Authors: |
Daniel Perazzo, Thiago de Souza, Pietro Masur, Eduardo de Amorim, Pedro de Oliveira, Kelvin Cunha, Lucas Maggi, Francisco Simões, Veronica Teichrieb and Lucas Kirsten |
Abstract: |
Data privacy has recently become one of the main concerns for society and machine learning researchers. The question of privacy led to research in privacy-aware machine learning and, amongst many other techniques, one solution gaining ground is federated learning. In this machine learning paradigm, data does not leave the user’s device, with training happening on it and aggregated in a remote server.

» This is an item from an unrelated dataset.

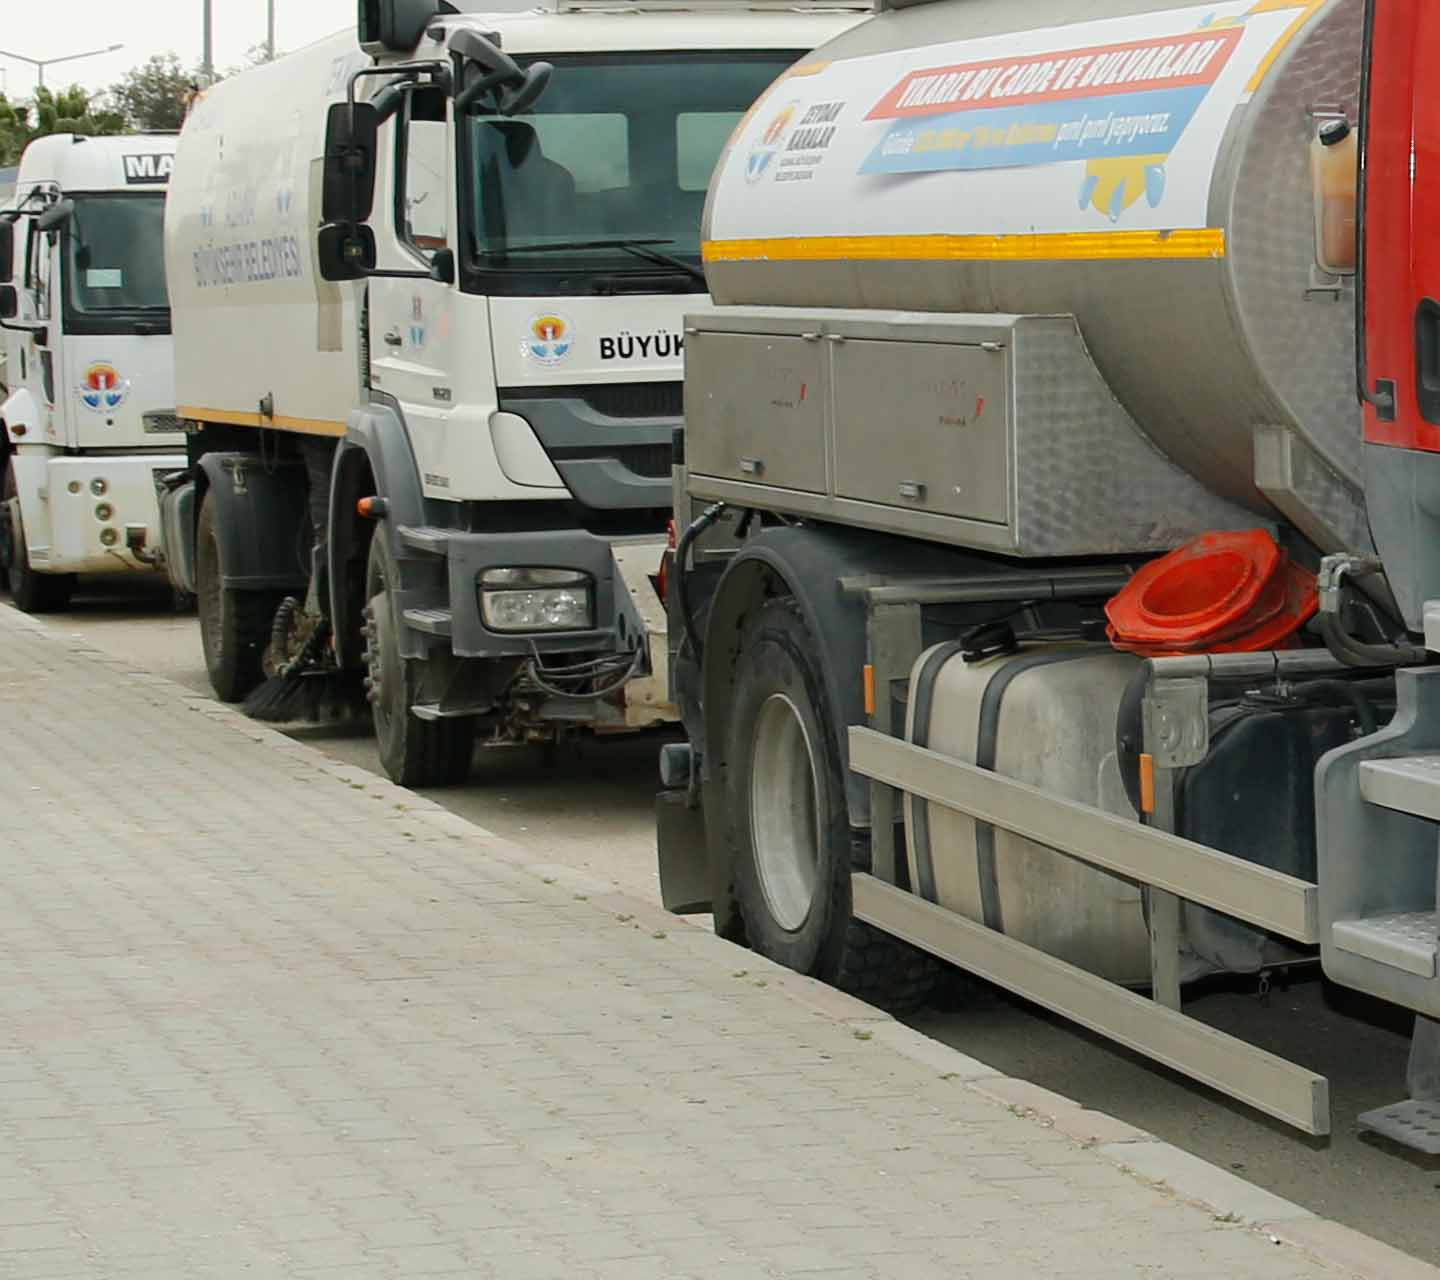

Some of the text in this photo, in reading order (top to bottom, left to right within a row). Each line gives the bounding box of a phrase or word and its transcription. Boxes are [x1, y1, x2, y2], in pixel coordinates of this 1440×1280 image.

In this work, we present, to our knowledge, the first federated dataset for document classification: FedBID. To demonstrate how this dataset can be used for evaluating different techniques, we also developed a system, FedDocs, for federated learning for document classification. We demonstrate the characteristics of our federated dataset, along with different types of distributions possible to be created with our dataset. Finally, we analyze our system, FedDocs, in our dataset, FedBID, in multiple different scenarios. We analyze a federated setting with balanced categories, a federated setting with unbalanced classes, and, finally, simulating a siloed federated training. We demonstrate that FedBID can be used to analyze a federated learning algorithm. Finally, we hope the FedBID dataset allows more research in federated document classification. The dataset is available in https://github.com/voxarlabs/FedBID. |